COVID-19-related deaths in England and Wales fell sharply again in the seventh week of 2021, particularly among older groups, suggesting that the ongoing vaccine rollout is working well.
That is according to the latest update from the Continuous Mortality Investigation (CMI), which shows that the number of COVID-19 deaths fell from 5,691 in week six to 4,079 in week seven.
Based on figures from the Office for National Statistics, the update also shows that overall mortality was above 2019 levels by 13% in week seven, which is down from the 27% figure in week six, and 47% for the previous seven days.
Despite this, the CMI estimates that there have been at least 109,900 more deaths than would normally be expected in the UK since the start of the pandemic, of which 49,200 have occurred in the second wave.
“The latest data shows that deaths have continued to fall, from around 50% more than expected at the start of this year to 13% more than expected in week seven,” said Cobus Daneel, chair of the CMI's Mortality Projections Committee.
“Excess deaths have fallen fastest for the oldest age group.

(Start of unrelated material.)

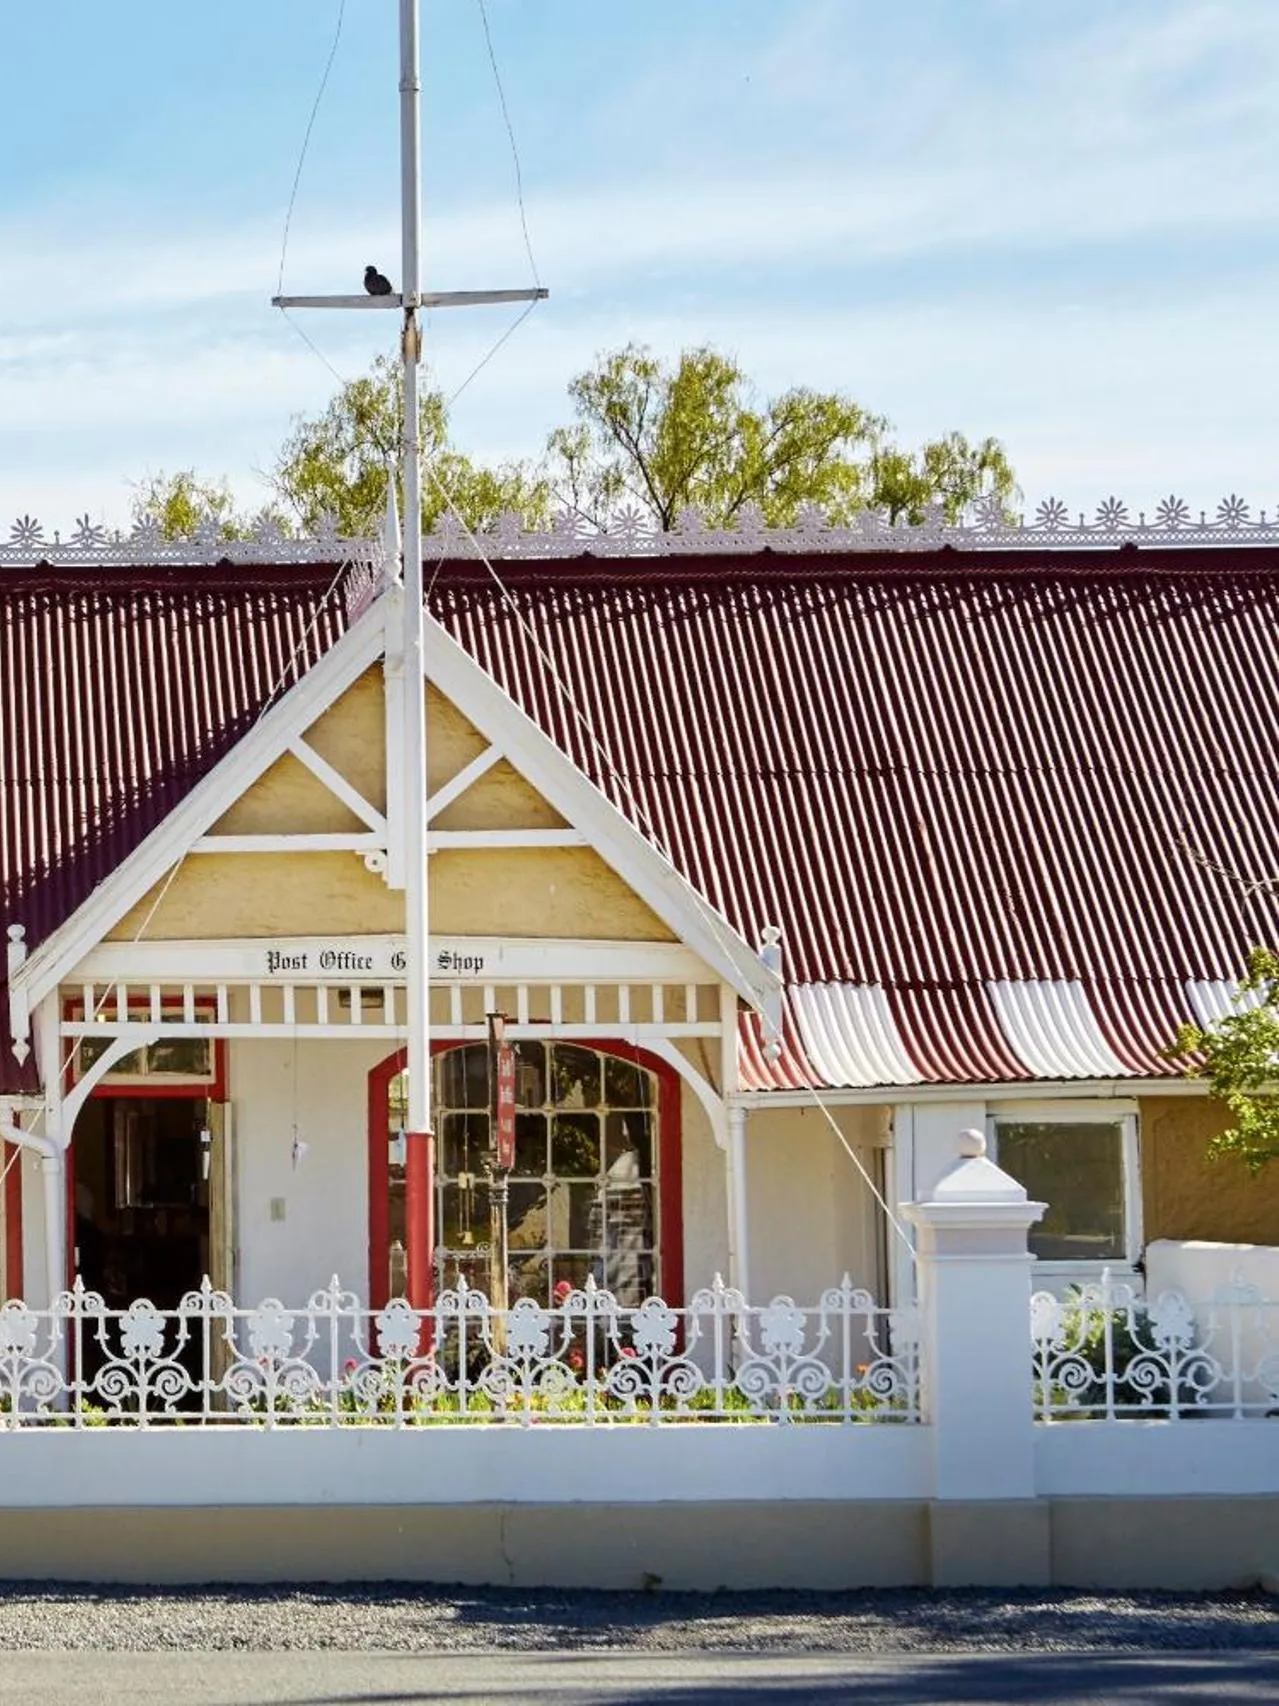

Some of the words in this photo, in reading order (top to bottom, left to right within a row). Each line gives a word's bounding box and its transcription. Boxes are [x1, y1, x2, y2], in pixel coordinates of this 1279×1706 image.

[267, 951, 308, 974] Post
[319, 949, 373, 971] Office
[437, 950, 485, 975] Shop

This is consistent with the impact that we would expect to see from the coronavirus vaccination programme, as older age groups received their vaccine earlier.”
Owned by the Institute and Faculty of Actuaries, the CMI has been publishing analysis of the UK's mortality rate during the coronavirus crisis through its mortality monitor.
It treats deaths during the pandemic as those recorded from 29 February 2020, while those in the second wave are registrations since 12 September 2020.
The latest update comes after professional services firm Aon last week cautioned against overstating the negative impact of the pandemic and its aftermath on the longevity assumptions of UK pension schemes.
A recent Aon poll of insurers and reinsurers found that 40% thought the longevity outlook from mid-2021 onwards was broadly the same as before the pandemic, with 30% thinking it was slightly worse, and 30% thinking it was better.
Tim Gordon, head of demographic horizons in Aon’s Risk Settlement Group, said that the findings are consistent with opinions across the industry, and said that some factors might have actually been positive for longevity during the pandemic.
“These include bearing down on the thousands of winter flu deaths we saw pre-pandemic – although flu could bounce back with a vengeance in the short term – the improvement of UK systems to deal with future pandemics, and accelerated health benefits from wider application of mRNA vaccines.
He continued: “Harsh as it may sound, we may also have a surviving population that is potentially more robust in the short term.
“On top of this, high vaccine efficacy and the UK’s speedy vaccine rollout and investment in future vaccine production suggest that the danger of seeing some of the more extreme COVID-19 scenarios has receded.
“Simply put, it is not necessarily the case that the outlook for future longevity has worsened as a result of the pandemic.”
The CMI intends to publish its next mortality monitor for week eight on Tuesday 9 March 2021.